• DATA UNDER STUDY:
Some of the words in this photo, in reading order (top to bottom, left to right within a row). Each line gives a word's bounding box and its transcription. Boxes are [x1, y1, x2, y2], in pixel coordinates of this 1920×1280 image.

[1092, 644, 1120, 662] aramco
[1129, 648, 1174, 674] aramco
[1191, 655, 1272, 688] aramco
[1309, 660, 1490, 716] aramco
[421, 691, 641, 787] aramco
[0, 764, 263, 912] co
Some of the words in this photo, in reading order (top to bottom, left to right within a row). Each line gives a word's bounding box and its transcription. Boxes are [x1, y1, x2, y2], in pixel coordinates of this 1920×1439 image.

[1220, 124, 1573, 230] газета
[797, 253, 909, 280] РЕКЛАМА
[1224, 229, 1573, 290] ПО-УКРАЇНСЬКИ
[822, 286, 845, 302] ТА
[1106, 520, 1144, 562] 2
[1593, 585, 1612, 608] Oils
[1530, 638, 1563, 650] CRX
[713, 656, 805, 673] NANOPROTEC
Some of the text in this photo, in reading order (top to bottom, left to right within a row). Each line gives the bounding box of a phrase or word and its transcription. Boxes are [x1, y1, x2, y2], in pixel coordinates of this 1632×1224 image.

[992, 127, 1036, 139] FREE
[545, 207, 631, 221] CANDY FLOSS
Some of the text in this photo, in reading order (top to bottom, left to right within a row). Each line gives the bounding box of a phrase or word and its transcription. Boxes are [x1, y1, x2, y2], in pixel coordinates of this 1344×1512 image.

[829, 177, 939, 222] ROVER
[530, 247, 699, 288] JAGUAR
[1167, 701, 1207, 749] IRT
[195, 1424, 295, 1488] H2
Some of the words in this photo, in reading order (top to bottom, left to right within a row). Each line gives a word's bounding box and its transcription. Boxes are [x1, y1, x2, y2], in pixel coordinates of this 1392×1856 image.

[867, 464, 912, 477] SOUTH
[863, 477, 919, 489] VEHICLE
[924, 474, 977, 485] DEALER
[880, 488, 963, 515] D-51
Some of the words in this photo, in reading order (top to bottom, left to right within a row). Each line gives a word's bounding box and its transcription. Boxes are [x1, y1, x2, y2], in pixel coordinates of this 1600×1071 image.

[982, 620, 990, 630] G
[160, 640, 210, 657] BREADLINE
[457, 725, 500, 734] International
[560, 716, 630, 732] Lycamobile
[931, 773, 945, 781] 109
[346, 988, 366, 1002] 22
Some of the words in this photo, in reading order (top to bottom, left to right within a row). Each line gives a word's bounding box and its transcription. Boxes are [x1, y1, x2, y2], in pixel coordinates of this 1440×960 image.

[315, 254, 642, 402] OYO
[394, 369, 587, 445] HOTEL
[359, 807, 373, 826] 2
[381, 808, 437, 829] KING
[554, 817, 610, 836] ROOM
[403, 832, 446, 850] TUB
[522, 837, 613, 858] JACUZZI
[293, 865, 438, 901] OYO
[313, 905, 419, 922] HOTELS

• WORK TO COMPLETE:
The required output is the complete set of records, reproduced exactly.

• RESULT OF THE TASK:
Some of the words in this photo, in reading order (top to bottom, left to right within a row). Each line gives a word's bounding box and its transcription. Boxes are [x1, y1, x2, y2], in pixel coordinates of this 1920×1280 image.

[1092, 644, 1120, 662] aramco
[1129, 648, 1174, 674] aramco
[1191, 655, 1272, 688] aramco
[1309, 660, 1490, 716] aramco
[421, 691, 641, 787] aramco
[0, 764, 263, 912] co
Some of the words in this photo, in reading order (top to bottom, left to right within a row). Each line gives a word's bounding box and its transcription. Boxes are [x1, y1, x2, y2], in pixel coordinates of this 1920×1439 image.

[1220, 124, 1573, 230] газета
[797, 253, 909, 280] РЕКЛАМА
[1224, 229, 1573, 290] ПО-УКРАЇНСЬКИ
[822, 286, 845, 302] ТА
[1106, 520, 1144, 562] 2
[1593, 585, 1612, 608] Oils
[1530, 638, 1563, 650] CRX
[713, 656, 805, 673] NANOPROTEC
Some of the text in this photo, in reading order (top to bottom, left to right within a row). Each line gives the bounding box of a phrase or word and its transcription. Boxes are [x1, y1, x2, y2], in pixel coordinates of this 1632×1224 image.

[992, 127, 1036, 139] FREE
[545, 207, 631, 221] CANDY FLOSS
Some of the text in this photo, in reading order (top to bottom, left to right within a row). Each line gives the bounding box of a phrase or word and its transcription. Boxes are [x1, y1, x2, y2], in pixel coordinates of this 1344×1512 image.

[829, 177, 939, 222] ROVER
[530, 247, 699, 288] JAGUAR
[1167, 701, 1207, 749] IRT
[195, 1424, 295, 1488] H2
Some of the words in this photo, in reading order (top to bottom, left to right within a row). Each line gives a word's bounding box and its transcription. Boxes are [x1, y1, x2, y2], in pixel coordinates of this 1392×1856 image.

[867, 464, 912, 477] SOUTH
[863, 477, 919, 489] VEHICLE
[924, 474, 977, 485] DEALER
[880, 488, 963, 515] D-51
Some of the words in this photo, in reading order (top to bottom, left to right within a row). Each line gives a word's bounding box and its transcription. Boxes are [x1, y1, x2, y2], in pixel coordinates of this 1600×1071 image.

[982, 620, 990, 630] G
[160, 640, 210, 657] BREADLINE
[457, 725, 500, 734] International
[560, 716, 630, 732] Lycamobile
[931, 773, 945, 781] 109
[346, 988, 366, 1002] 22
Some of the words in this photo, in reading order (top to bottom, left to right within a row). Each line gives a word's bounding box and its transcription. Boxes are [x1, y1, x2, y2], in pixel coordinates of this 1440×960 image.

[315, 254, 642, 402] OYO
[394, 369, 587, 445] HOTEL
[359, 807, 373, 826] 2
[381, 808, 437, 829] KING
[554, 817, 610, 836] ROOM
[403, 832, 446, 850] TUB
[522, 837, 613, 858] JACUZZI
[293, 865, 438, 901] OYO
[313, 905, 419, 922] HOTELS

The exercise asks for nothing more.